- _PROBLEM_
Print the line containing "this 1600×1200 image." and every line after it exactly as written, through the end of the records.

- _PROVIDED MATERIAL_
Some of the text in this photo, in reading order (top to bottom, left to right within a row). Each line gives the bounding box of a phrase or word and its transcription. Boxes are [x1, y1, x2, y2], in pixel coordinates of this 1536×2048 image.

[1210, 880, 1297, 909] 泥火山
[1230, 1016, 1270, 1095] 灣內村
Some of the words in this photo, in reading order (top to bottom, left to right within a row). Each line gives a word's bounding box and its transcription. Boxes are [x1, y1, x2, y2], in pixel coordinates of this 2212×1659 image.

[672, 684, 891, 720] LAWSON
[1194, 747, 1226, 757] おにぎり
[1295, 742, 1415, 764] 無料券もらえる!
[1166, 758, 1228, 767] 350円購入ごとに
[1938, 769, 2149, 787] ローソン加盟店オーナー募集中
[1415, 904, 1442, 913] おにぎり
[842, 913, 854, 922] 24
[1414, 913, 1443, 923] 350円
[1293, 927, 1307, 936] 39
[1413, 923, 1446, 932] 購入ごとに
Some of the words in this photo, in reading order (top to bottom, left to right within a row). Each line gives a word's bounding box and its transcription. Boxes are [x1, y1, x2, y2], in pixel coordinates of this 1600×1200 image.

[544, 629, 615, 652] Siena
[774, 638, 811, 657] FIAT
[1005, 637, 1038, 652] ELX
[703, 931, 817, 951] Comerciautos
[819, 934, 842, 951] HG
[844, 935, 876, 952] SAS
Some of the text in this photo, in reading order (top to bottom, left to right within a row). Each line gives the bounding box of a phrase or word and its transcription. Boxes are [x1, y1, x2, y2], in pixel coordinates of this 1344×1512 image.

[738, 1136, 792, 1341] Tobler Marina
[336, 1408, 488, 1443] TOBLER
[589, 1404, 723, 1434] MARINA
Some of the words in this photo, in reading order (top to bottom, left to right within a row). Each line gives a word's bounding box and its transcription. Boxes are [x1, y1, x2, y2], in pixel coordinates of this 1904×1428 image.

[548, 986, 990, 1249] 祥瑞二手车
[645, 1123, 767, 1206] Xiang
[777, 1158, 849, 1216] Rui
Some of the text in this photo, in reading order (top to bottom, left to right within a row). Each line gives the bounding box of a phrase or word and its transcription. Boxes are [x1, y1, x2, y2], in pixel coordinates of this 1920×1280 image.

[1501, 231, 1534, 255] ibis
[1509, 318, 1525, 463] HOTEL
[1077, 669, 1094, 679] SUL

- _RESULT OF THIS TASK_
Some of the words in this photo, in reading order (top to bottom, left to right within a row). Each line gives a word's bounding box and its transcription. Boxes are [x1, y1, x2, y2], in pixel coordinates of this 1600×1200 image.

[544, 629, 615, 652] Siena
[774, 638, 811, 657] FIAT
[1005, 637, 1038, 652] ELX
[703, 931, 817, 951] Comerciautos
[819, 934, 842, 951] HG
[844, 935, 876, 952] SAS
Some of the text in this photo, in reading order (top to bottom, left to right within a row). Each line gives the bounding box of a phrase or word and its transcription. Boxes are [x1, y1, x2, y2], in pixel coordinates of this 1344×1512 image.

[738, 1136, 792, 1341] Tobler Marina
[336, 1408, 488, 1443] TOBLER
[589, 1404, 723, 1434] MARINA
Some of the words in this photo, in reading order (top to bottom, left to right within a row). Each line gives a word's bounding box and its transcription. Boxes are [x1, y1, x2, y2], in pixel coordinates of this 1904×1428 image.

[548, 986, 990, 1249] 祥瑞二手车
[645, 1123, 767, 1206] Xiang
[777, 1158, 849, 1216] Rui
Some of the text in this photo, in reading order (top to bottom, left to right within a row). Each line gives the bounding box of a phrase or word and its transcription. Boxes are [x1, y1, x2, y2], in pixel coordinates of this 1920×1280 image.

[1501, 231, 1534, 255] ibis
[1509, 318, 1525, 463] HOTEL
[1077, 669, 1094, 679] SUL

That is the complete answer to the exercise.